Middleman, domestic transactions, international transactions, export, import, developing countries, industrial countries, production surplus, trade flows, free trade, tariffs, guarantee restrictions, embargo, sanctions, export subsidies.

Trade and globalization

The tremendous growth of international trade over the past several decades has been both a primary cause and effect of globalization. The volume of world trade increased twenty-seven fold from $296 billion in 1950 to $8 trillion in 2005. Although international trade experienced a contraction of 12.2 percent in 2009--the steepest decline since World War II--trade is again on the upswing.

As a result of international trade, consumers around the world enjoy a broader selection of products than they would if they only had access to domestically made products. Also, in response to the ever-growing flow of goods, services and capital, a whole host of U.S. government agencies and international institutions have been established to help manage these rapidly developing trends.

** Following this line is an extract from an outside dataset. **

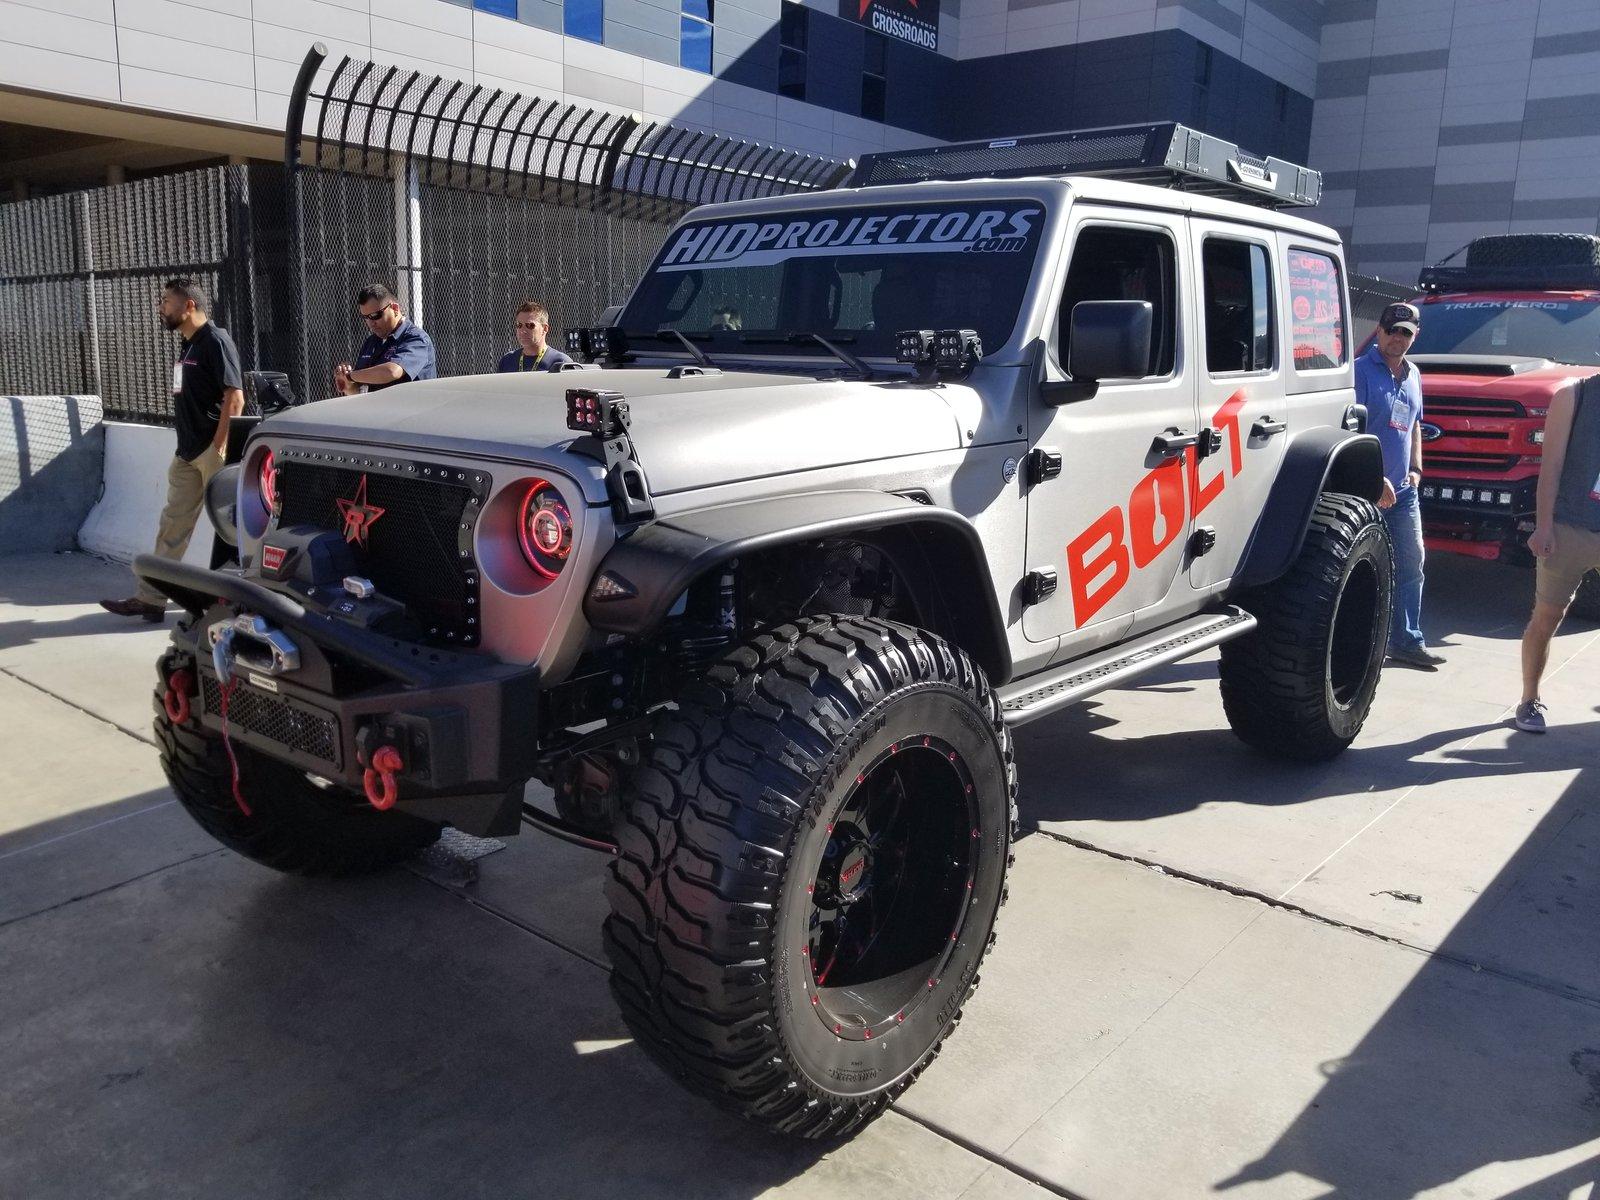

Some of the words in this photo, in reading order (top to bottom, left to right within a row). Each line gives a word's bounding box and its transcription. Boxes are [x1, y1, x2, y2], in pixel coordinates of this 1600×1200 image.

[872, 11, 936, 49] CROSSROADS
[1444, 301, 1501, 311] TRUCK
[1066, 386, 1249, 630] BOLT

Although increased international trade has spurred tremendous economic growth across the globe--raising incomes, creating jobs, reducing prices, and increasing workers' earning power--trade can also bring about economic, political, and social disruption.

Since the global economy is so interconnected, when large economies suffer recessions, the effects are felt around the world. When trade decreases, jobs and businesses are lost. In the same way that globalization can be a boon for international trade; it can also have devastating effects.

International trade in history

Before begining a discussion about why nations trade, it would be helpful to take a moment to consider the character and evolution of trade. It is important to keep in mind, first, that although we frequently talk about trade “between nations,” the great majority of international transactions today actually take place between private individuals and private enterprises based in different countries. Governments sometimes sell things to each other, or to individuals or corporations in other countries, but these comprise only a small percentage of world trade.

Trade is not a modern invention. International trade today is not qualitatively different from the exchange of goods and services that people have been conducting for thousands of years.

Before the widespread adoption of currency, people exchanged goods and some services through bartering--trading a certain quantity of one good or service for another good or service with the same estimated value. With the emergence of money, the exchange of goods and services became more efficient.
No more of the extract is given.